# Tech Quesstion



## crandizzle (Mar 10, 2004)

NEED HELP WOULD A 93 KA PLUG RIGHT UP IN MY 91? THANKS FOR THE HELP :cheers:


----------



## 93blackSER (Feb 1, 2003)

quit it with the CAPS. it's annoying. and yes, it would.


----------



## vsp3c (May 15, 2003)

WHY JORDAN?? WHY IS IT ANNOYING?????


----------



## Kelso (Apr 29, 2003)

it should bolt right up because its the exact same engine in 91-98, and the exact same car 91-94. correct me if im wrong, im not the most knowledgable when it comes to DOHC 240's


----------



## vsp3c (May 15, 2003)

nope you're not wrong.. 91-98 all have ka24de (dohc). somewhere between 1990 and 1991, nissan was being weird and produced some 1991 240's equipped with ka24e


----------



## crandizzle (Mar 10, 2004)

vsp3c said:


> nope you're not wrong.. 91-98 all have ka24de (dohc). somewhere between 1990 and 1991, nissan was being weird and produced some 1991 240's equipped with ka24e


yeah your right the had some single cams i think thats all 89s came with but not sure....my main thing is if i have to re-wire and new cpu i dont want to go thru all that you know what i mean....


----------



## jcarothers (Mar 13, 2004)

your car sucks. :fluffy: 

also the Laser is a 93 remember? :dumbass:


----------



## akihabro (Aug 12, 2003)

crandizzle said:


> NEED HELP WOULD A 93 KA PLUG RIGHT UP IN MY 91? THANKS FOR THE HELP :cheers:


it should work. 94 and above are the same engine but the intake manifold is a little different and other placement of things. as long as ur 91 had a ka24de which it should fit


----------



## innes177 (Feb 21, 2004)

jcarothers said:


> your car sucks. :fluffy:
> 
> also the Laser is a 93 remember? :dumbass:


hhmmm....ok......


----------



## akihabro (Aug 12, 2003)

vsp3c said:


> nope you're not wrong.. 91-98 all have ka24de (dohc). somewhere between 1990 and 1991, nissan was being weird and produced some 1991 240's equipped with ka24e


really! a 91 with a ka24e??? id like to see it. maybe the person did a front bumper mod or doesnt know the year their car really is!


----------



## 93blackSER (Feb 1, 2003)

akihabro said:


> really! a 91 with a ka24e??? id like to see it. maybe the person did a front bumper mod or doesnt know the year their car really is!

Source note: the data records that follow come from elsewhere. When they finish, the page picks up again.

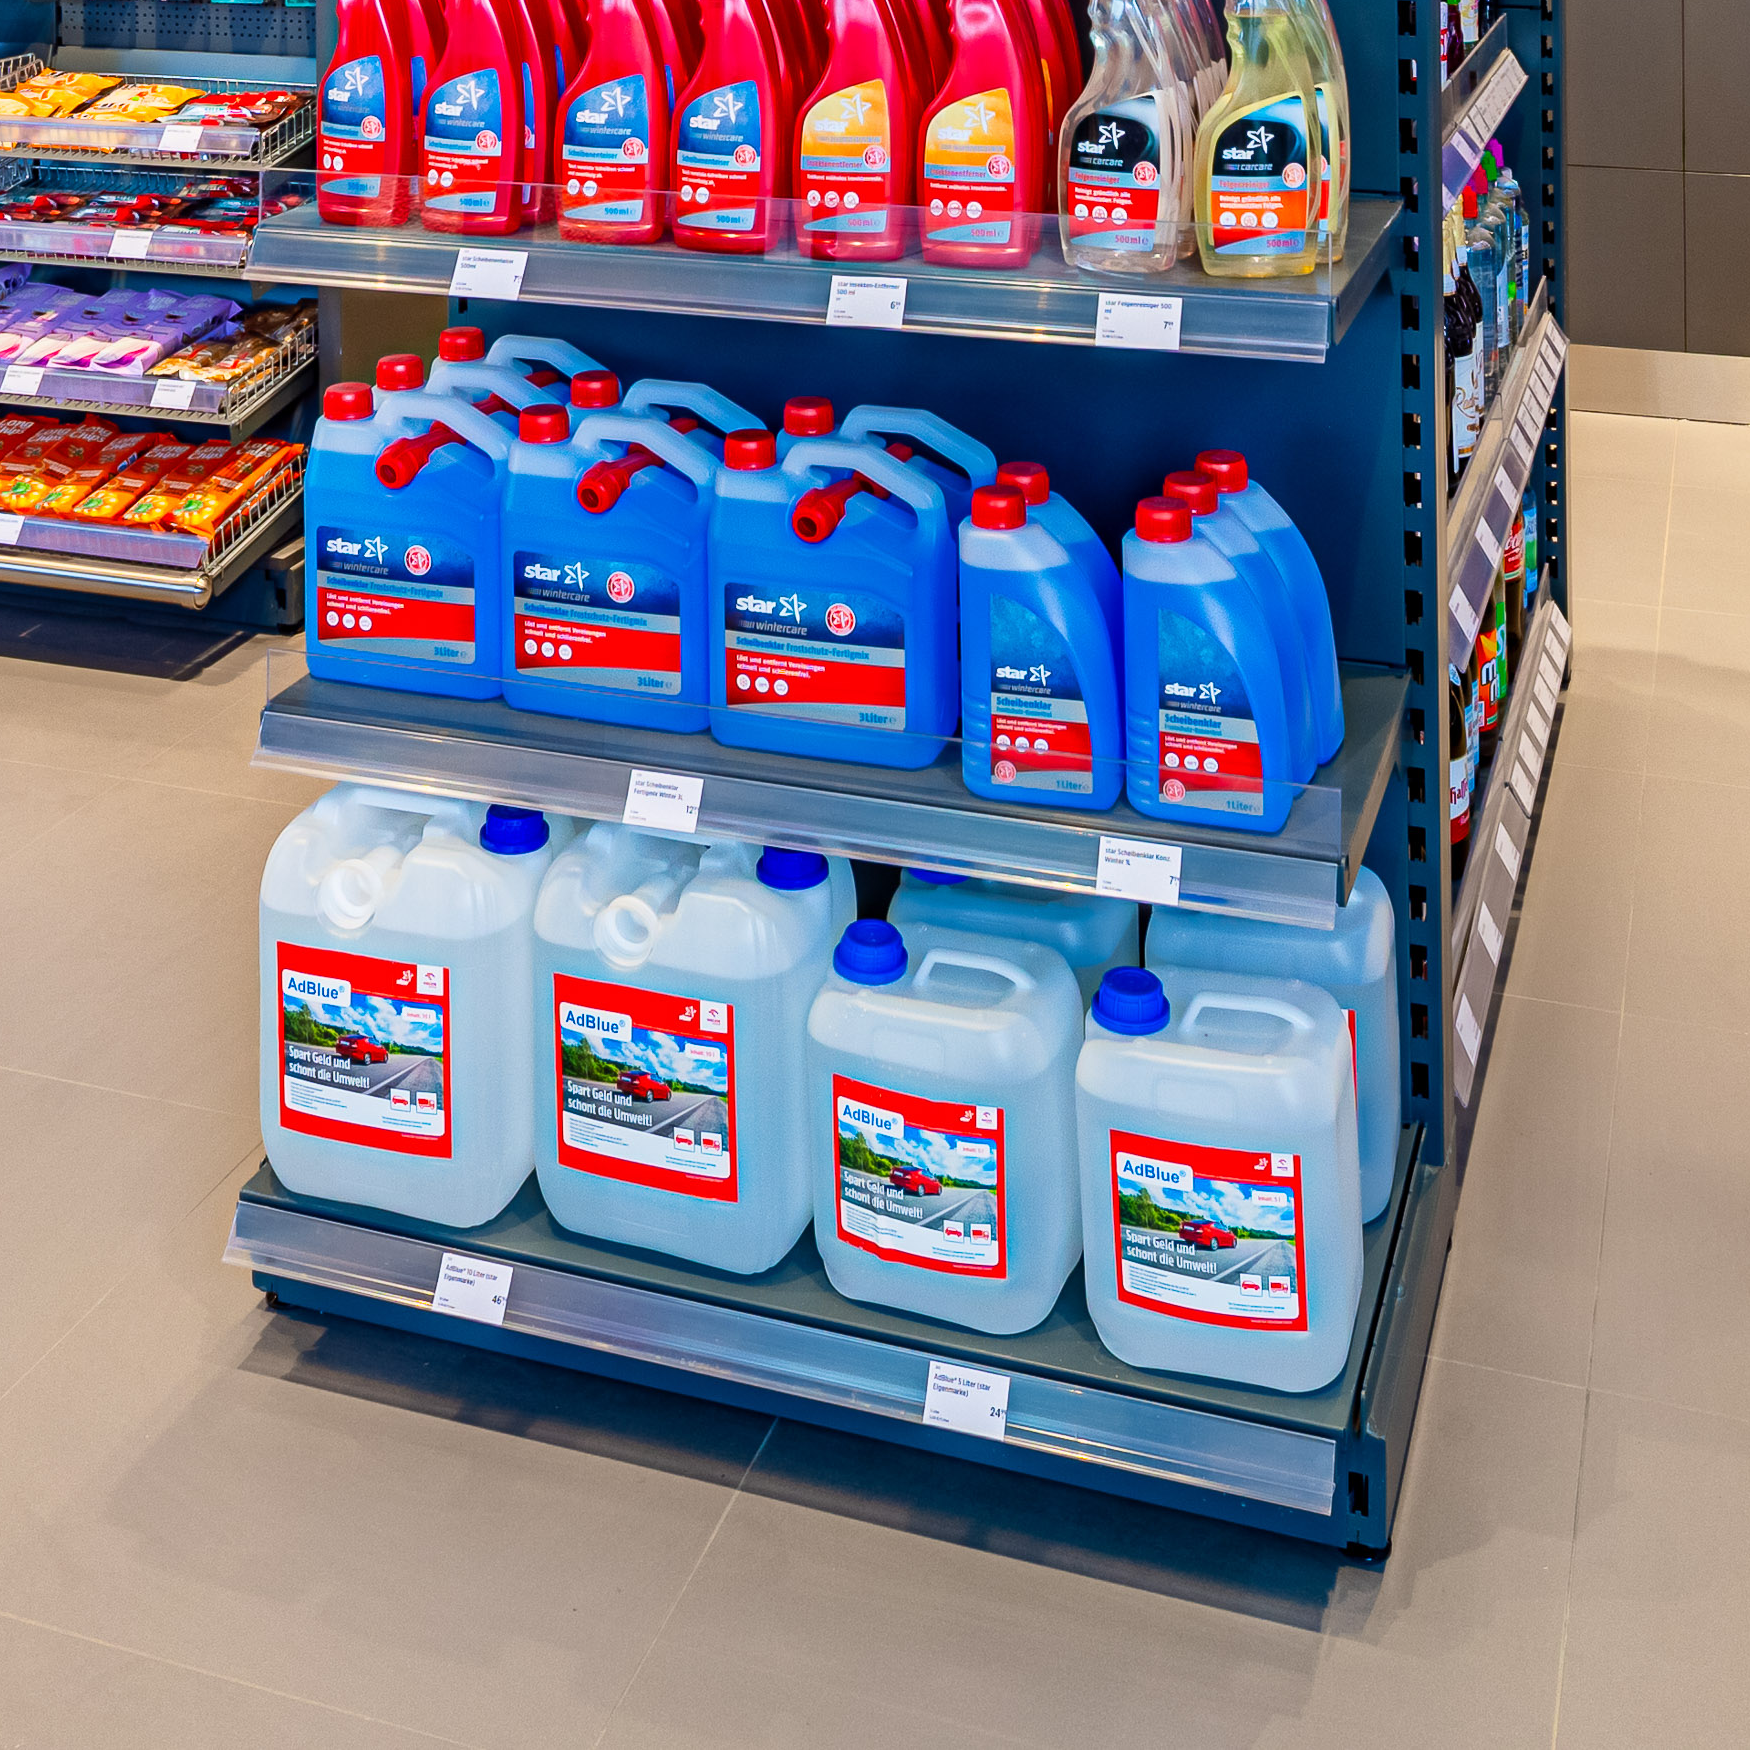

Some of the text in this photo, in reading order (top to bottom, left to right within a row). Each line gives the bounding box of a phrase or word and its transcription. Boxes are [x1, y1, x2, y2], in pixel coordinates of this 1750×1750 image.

[327, 87, 351, 103] star
[434, 100, 464, 117] star
[576, 108, 609, 125] star
[689, 115, 721, 132] star
[814, 116, 848, 135] star
[702, 132, 744, 142] wintercare
[937, 124, 972, 142] star
[1077, 139, 1106, 155] star
[1221, 147, 1255, 160] star
[1091, 156, 1123, 167] carcare
[1239, 160, 1273, 171] carcare
[716, 214, 742, 225] 500ml
[0, 418, 35, 429] Long
[326, 537, 362, 557] star
[343, 561, 389, 575] wintercare
[523, 563, 561, 583] star
[543, 587, 590, 602] wintercare
[735, 594, 775, 614] star
[755, 619, 808, 635] wintercare
[995, 665, 1028, 682] star
[1010, 683, 1052, 695] wintercare
[1165, 682, 1197, 700] star
[996, 697, 1052, 711] Scheibenklar
[1180, 700, 1221, 713] wintercare
[1165, 712, 1222, 730] Scheibenklar
[289, 1046, 351, 1070] Spart Geld und
[289, 1061, 370, 1089] schont die Umwelt!
[567, 1080, 633, 1107] Spart Geld und
[567, 1096, 652, 1127] schont die Umwelt!
[844, 1169, 904, 1199] Spart Geld und
[844, 1185, 923, 1219] schont die Umwelt!
[1125, 1229, 1195, 1256] Spart Geld und
[1126, 1245, 1217, 1275] schont die Umwelt!
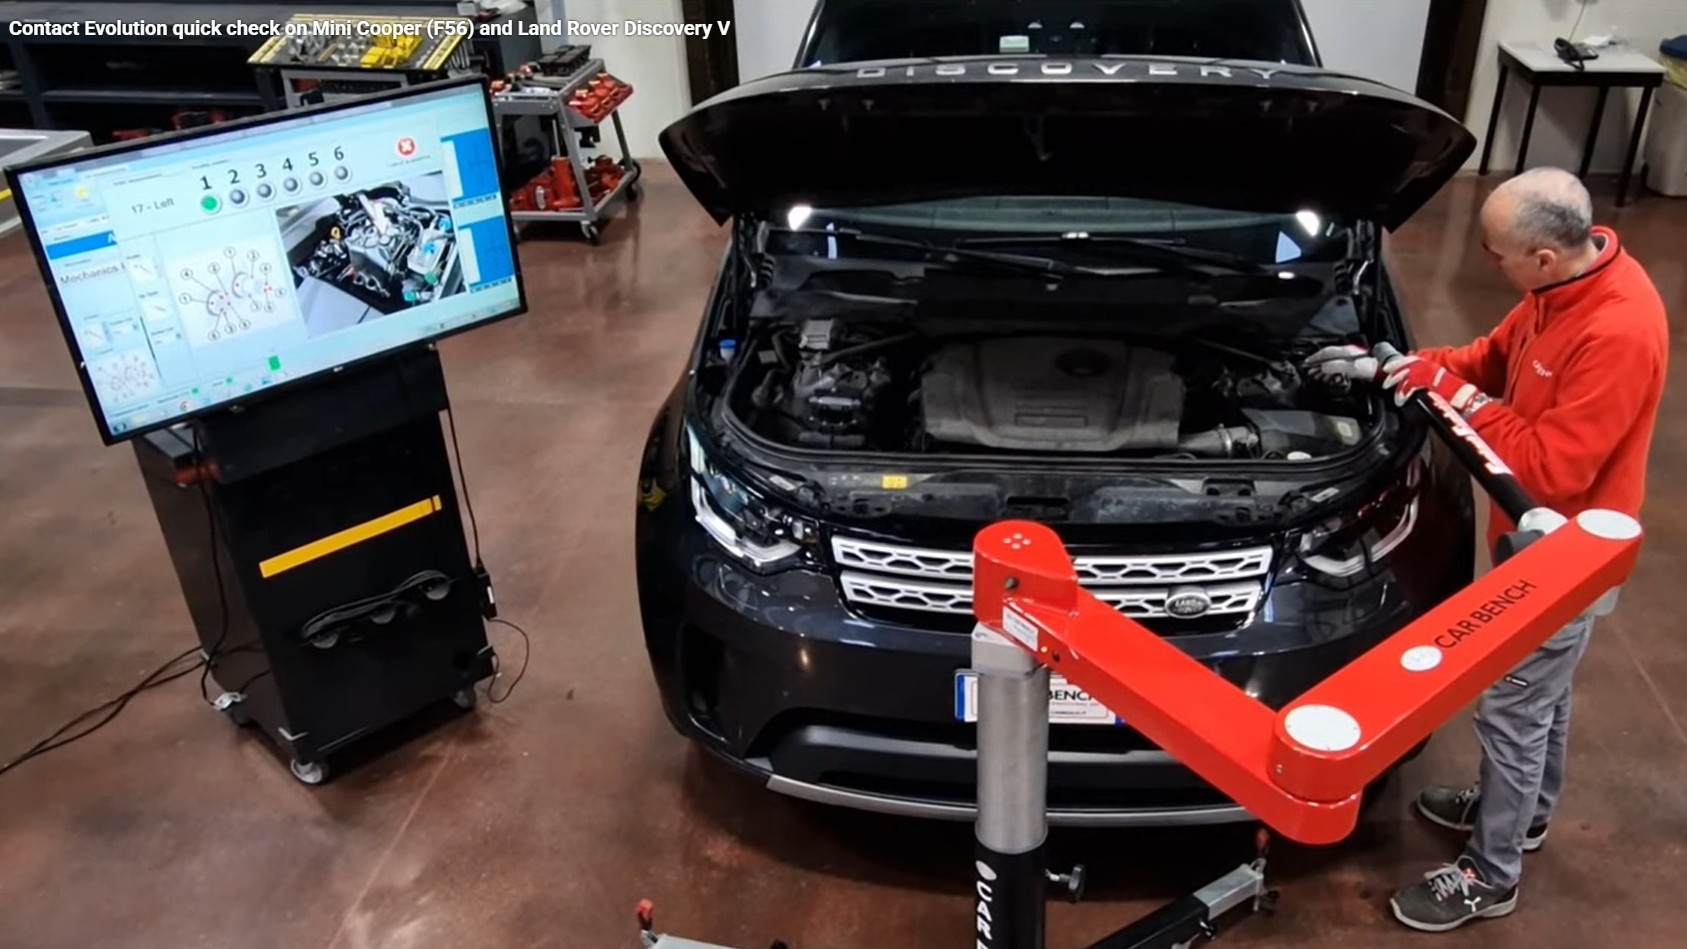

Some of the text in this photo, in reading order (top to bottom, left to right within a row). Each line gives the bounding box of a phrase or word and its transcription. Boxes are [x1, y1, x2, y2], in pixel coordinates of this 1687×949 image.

or you can get a clue because production wasnt fully stopped on the KA24E until later in the year so some early 91's have that engine.


----------



## 93sr20det (May 12, 2003)

i swapped a 93 motor into a 94 240 and i had to swap transmissions and intake manifold as well as exhaust


----------



## vsp3c (May 15, 2003)

93sr20det said:


> i swapped a 93 motor into a 94 240 and i had to swap transmissions and intake manifold as well as exhaust


why..?


----------



## 93blackSER (Feb 1, 2003)

vsp3c said:


> why..?


for the "bling" factor


----------



## ultramegatron (Mar 3, 2004)

hey when i exelarait or hit my brakes i hear a metalic creaking coming from under my altima 95. i thought it was the pedals but when am parked their is no creak from presing the brakes of from presing the gas please any one know what it is and how to fix it


----------



## 93blackSER (Feb 1, 2003)

ultramegatron said:


> hey when i exelarait or hit my brakes i hear a metalic creaking coming from under my altima 95. i thought it was the pedals but when am parked their is no creak from presing the brakes of from presing the gas please any one know what it is and how to fix it


try posting in the right section.


----------



## drift240sxdragqueen (Oct 23, 2002)

lol... learn how to spell

"exelarait" lol....


----------



## 93blackSER (Feb 1, 2003)

yeah, that was funny too. that just screams "noob". oh well.


----------



## 93sr20det (May 12, 2003)

obd1 -> obd 2 there were like 3 or 4 sensors on the 1994 that were not on the 1993 also the exhaust manifold had a differnt outlet for the downpipe also had to swap tranny because of the sensor on the top of the bellhousing


----------



## vsp3c (May 15, 2003)

i thought obd2 was only on s14's..


----------



## 93blackSER (Feb 1, 2003)

vsp3c said:


> i thought obd2 was only on s14's..


it was. that dude is just dumb as hell.


----------



## vsp3c (May 15, 2003)

93blackSER said:


> it was. that dude is just dumb as hell.


rofl :hal:


----------



## 93blackSER (Feb 1, 2003)

is it just me, or am i getting mean these days?


----------



## drift240sxdragqueen (Oct 23, 2002)

kidnof... your just mean to me and jeong... and u have been getting meaner to us 

how about u spread it out?


----------



## HondaHater (Aug 27, 2003)

lol, that noob cracks me up, all he wanted was some info and got flamed for exelarait exelarait exelarait exelarait exelarait

ACCELERATE. dayum.


----------



## vsp3c (May 15, 2003)

drift240sxdrag said:


> kidnof... your just mean to me and jeong... and u have been getting meaner to us
> 
> how about u spread it out?


he picks on me more :fluffy:


----------



## ultramegatron (Mar 3, 2004)

can some one please direct me to the right thread so i can find out what that sound is and fix it. its driving me crazy


----------



## vsp3c (May 15, 2003)

dood.. we can't tell you what's wrong with ur car based on, "it creaks when i accelerate or step on the brakes". we need more info.


----------



## kaptainkrollio (Jul 29, 2003)

vsp3c said:


> dood.. we can't tell you what's wrong with ur car based on, "it creaks when i accelerate or step on the brakes". we need more info.


 whats wrong with my car, it makes this weird sound and its really slow


----------



## drift240sxdragqueen (Oct 23, 2002)

well juding the fact u don't have a 240 anymore.... you must be crazy... better go to a doctor and get that checked out 

:jump:


----------



## kaptainkrollio (Jul 29, 2003)

see, my jokes arent that bad


----------



## drift240sxdragqueen (Oct 23, 2002)

kaptainkrollio said:


> see, my jokes arent that bad


 hahaha the msg before this one ^^ wasn't funny

but this one was


----------



## vsp3c (May 15, 2003)

rofl.. :fluffy:


----------